→ **WHAT YOU WILL DO**:
The answer must give back every line of the data exactly, with no pictures.

→ **DATA**:
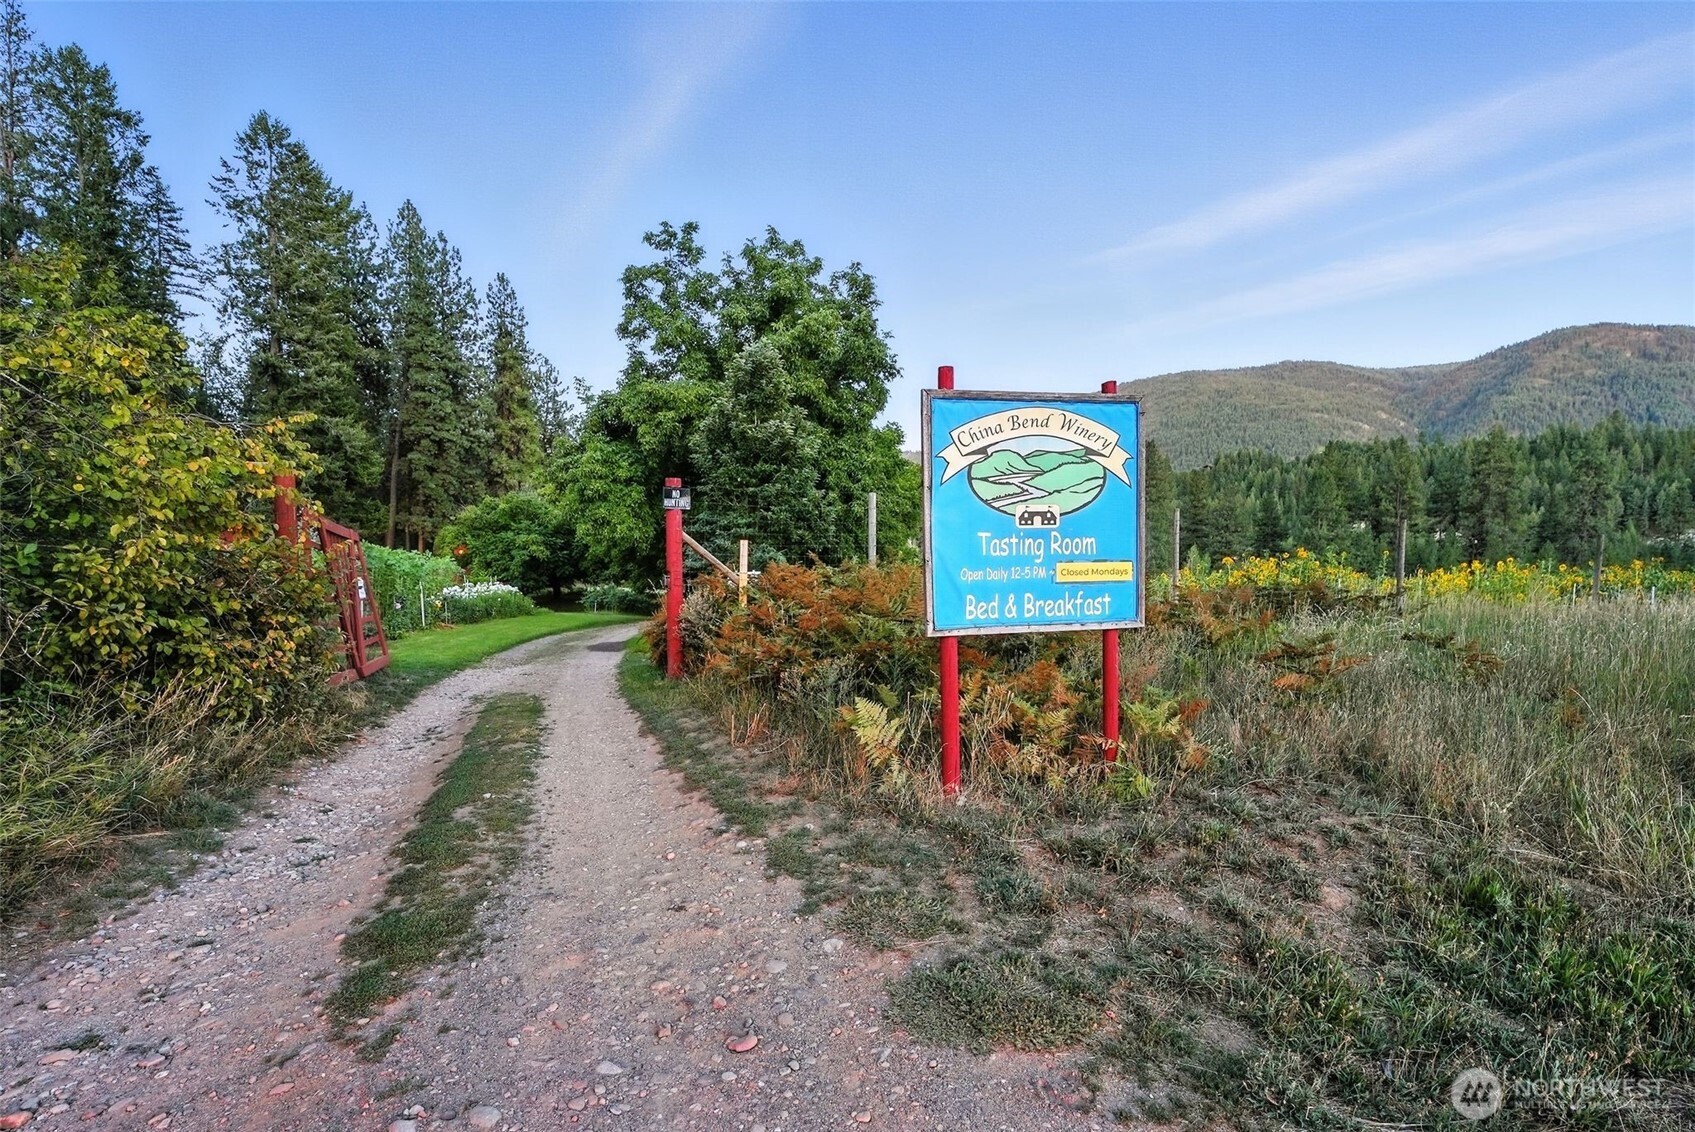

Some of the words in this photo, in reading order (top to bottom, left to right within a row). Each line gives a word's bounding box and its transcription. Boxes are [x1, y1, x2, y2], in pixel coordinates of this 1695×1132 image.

[957, 423, 1004, 447] China
[1007, 413, 1054, 431] Bend
[1058, 412, 1113, 451] Winery
[664, 498, 689, 507] HUNTING
[672, 489, 681, 498] NO
[977, 531, 1045, 563] Tasting
[1050, 531, 1097, 555] Room
[960, 567, 984, 584] Open
[986, 566, 1009, 583] Daily
[1011, 566, 1031, 580] 12-5
[1033, 566, 1047, 578] PM
[1060, 567, 1090, 577] Closed
[1091, 566, 1129, 577] Mondays
[965, 593, 999, 620] Bed
[1004, 592, 1018, 618] &
[1023, 590, 1112, 618] Breakfast
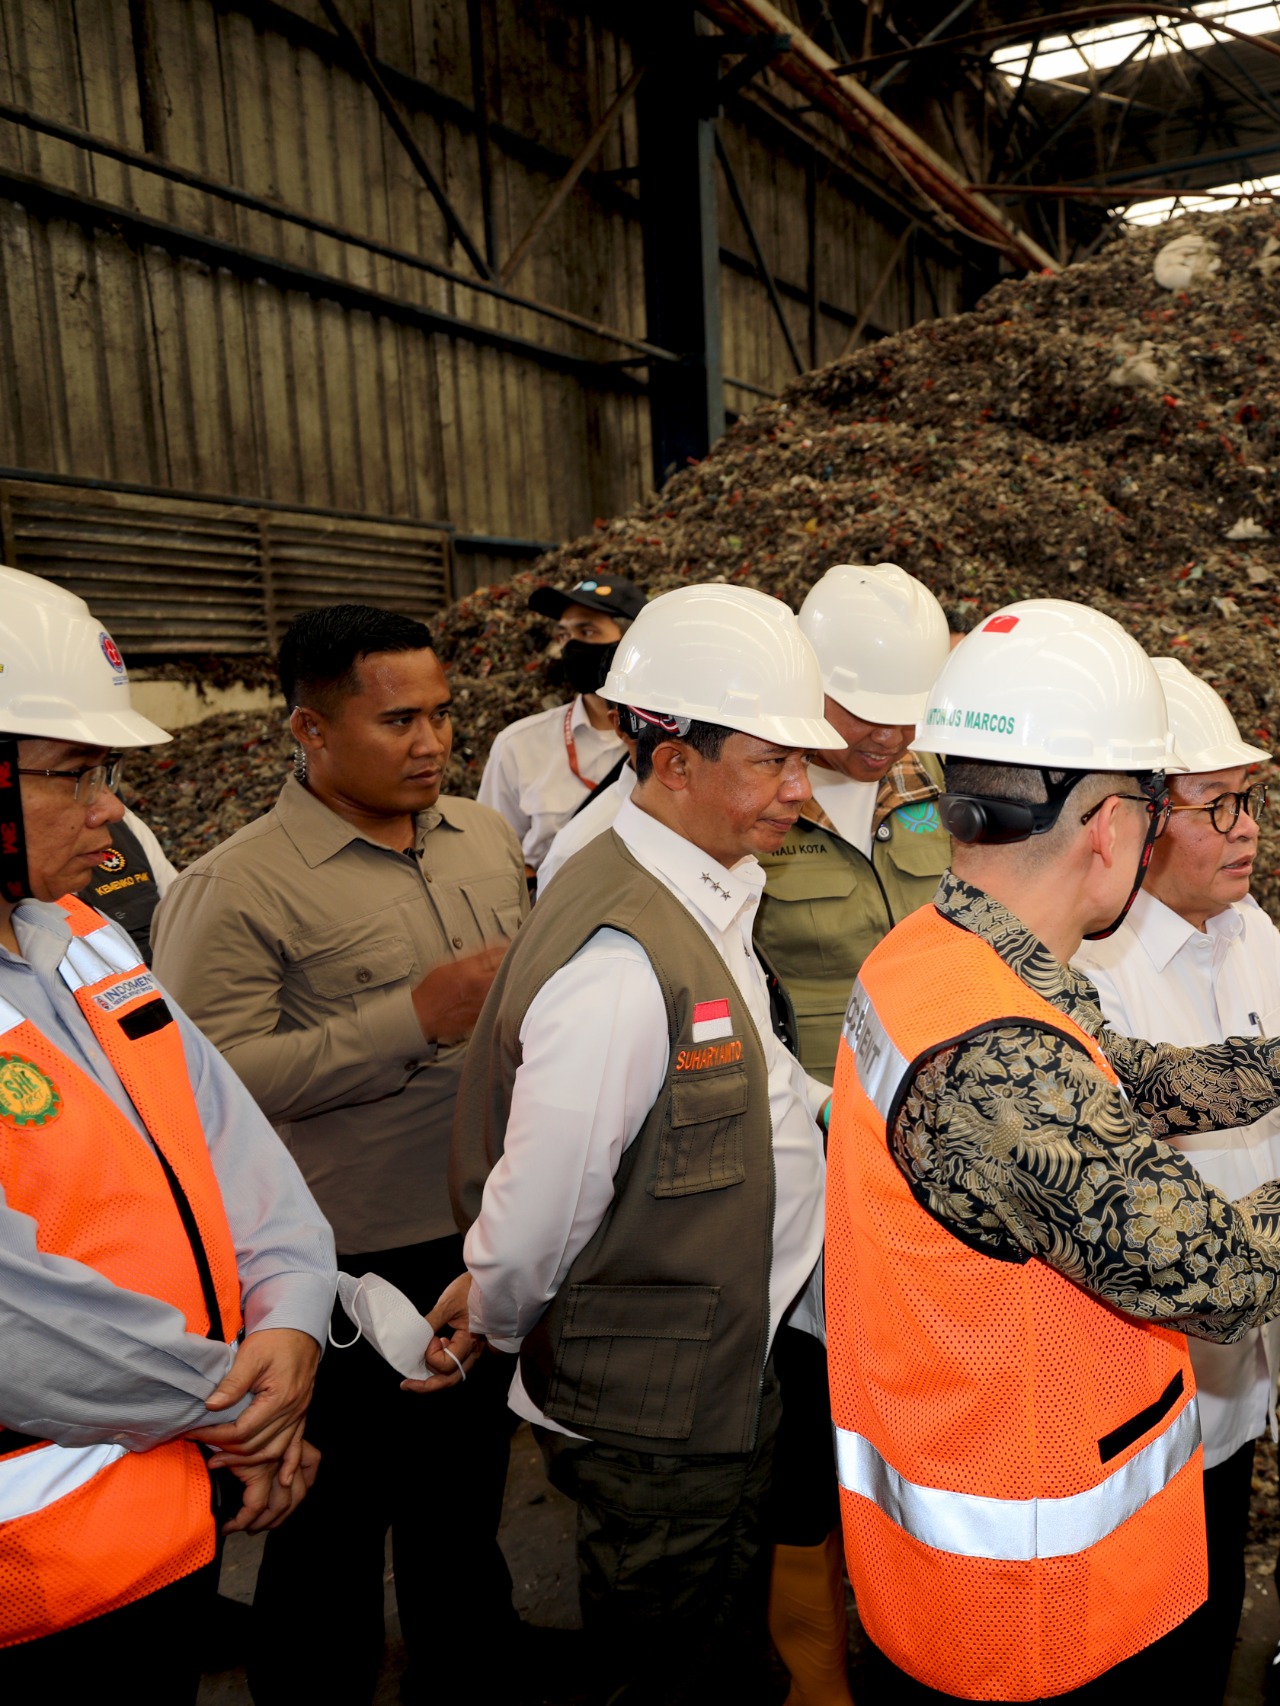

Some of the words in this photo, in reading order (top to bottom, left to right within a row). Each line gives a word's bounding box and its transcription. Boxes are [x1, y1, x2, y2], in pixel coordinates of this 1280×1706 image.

[964, 710, 1015, 735] MARCOS
[1, 822, 18, 854] 3M
[799, 844, 828, 854] KOTA
[676, 1040, 742, 1071] SUHARYANTO
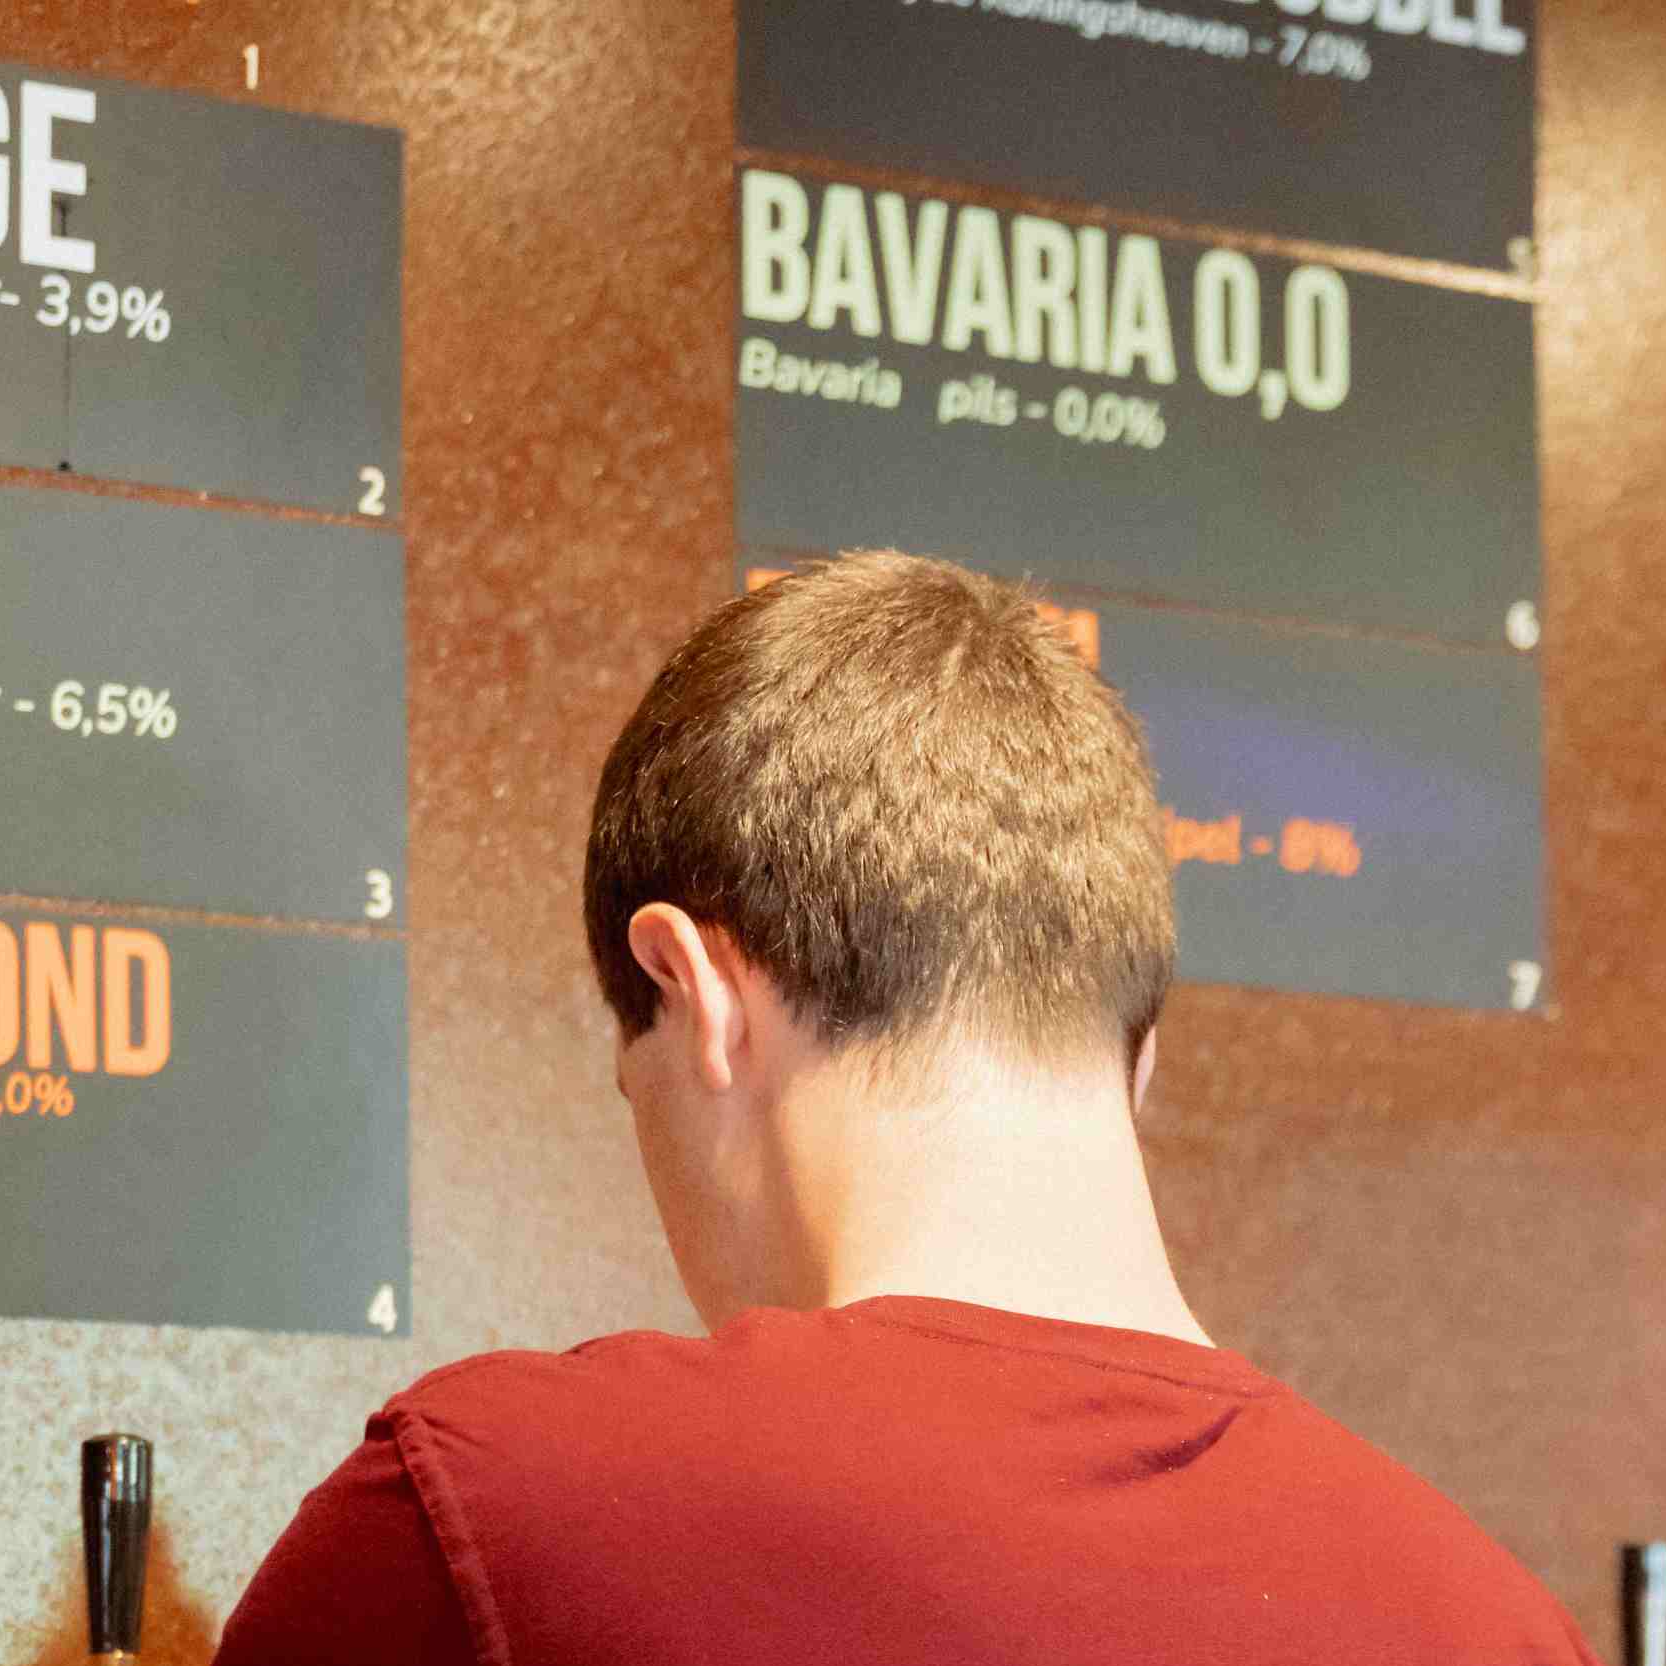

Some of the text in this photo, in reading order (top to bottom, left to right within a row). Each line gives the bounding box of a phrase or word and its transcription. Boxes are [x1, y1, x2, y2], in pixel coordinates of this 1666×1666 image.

[243, 43, 260, 91] 1
[36, 274, 171, 342] 3,9%
[742, 168, 1351, 420] BAVARIA 0,0
[739, 337, 902, 409] Bavaria
[937, 374, 1018, 427] pils
[1053, 386, 1166, 450] 0,0%
[357, 468, 385, 516] 2
[50, 680, 178, 739] 6,5%
[365, 870, 393, 920] 3
[368, 1284, 397, 1333] 4
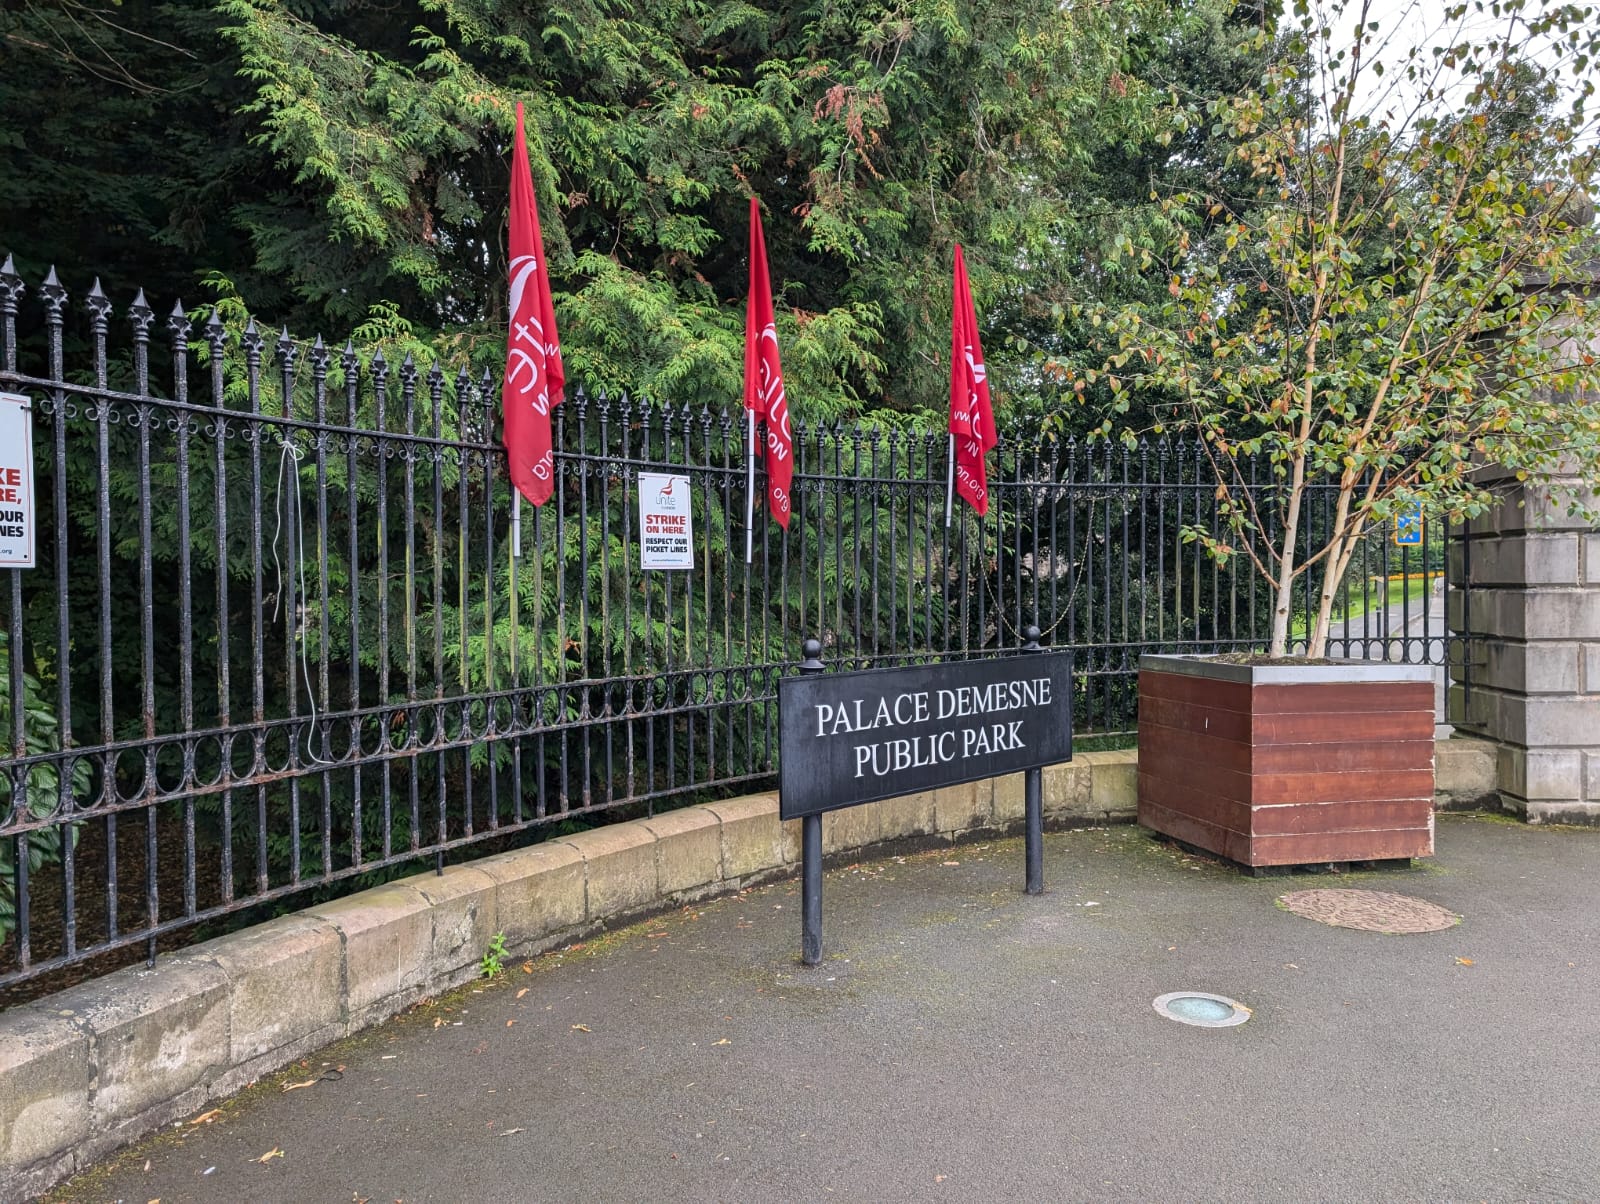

→ **RESPONSE BELOW**:
Some of the words in this photo, in reading order (top to bottom, left to right within a row). Each line gives a word's bounding box and its transcription. Boxes are [x1, y1, x2, y2], in pixel coordinates of this 1695×1132 image.

[957, 423, 1004, 447] China
[1007, 413, 1054, 431] Bend
[1058, 412, 1113, 451] Winery
[664, 498, 689, 507] HUNTING
[672, 489, 681, 498] NO
[977, 531, 1045, 563] Tasting
[1050, 531, 1097, 555] Room
[960, 567, 984, 584] Open
[986, 566, 1009, 583] Daily
[1011, 566, 1031, 580] 12-5
[1033, 566, 1047, 578] PM
[1060, 567, 1090, 577] Closed
[1091, 566, 1129, 577] Mondays
[965, 593, 999, 620] Bed
[1004, 592, 1018, 618] &
[1023, 590, 1112, 618] Breakfast

Some of the words in this photo, in reading order (top to bottom, left to right within a row). Each line gives a word's bounding box and its transcription. Boxes are [x1, y1, x2, y2], in pixel coordinates of this 1280×1706 image.

[964, 710, 1015, 735] MARCOS
[1, 822, 18, 854] 3M
[799, 844, 828, 854] KOTA
[676, 1040, 742, 1071] SUHARYANTO

Some of the text in this photo, in reading order (top to bottom, left to right within a row). Each line gives the bounding box of a phrase or word and its transcription. Boxes are [x1, y1, x2, y2], in pixel coordinates of this 1666×1666 image.

[243, 43, 260, 91] 1
[36, 274, 171, 342] 3,9%
[742, 168, 1351, 420] BAVARIA 0,0
[739, 337, 902, 409] Bavaria
[937, 374, 1018, 427] pils
[1053, 386, 1166, 450] 0,0%
[357, 468, 385, 516] 2
[50, 680, 178, 739] 6,5%
[365, 870, 393, 920] 3
[368, 1284, 397, 1333] 4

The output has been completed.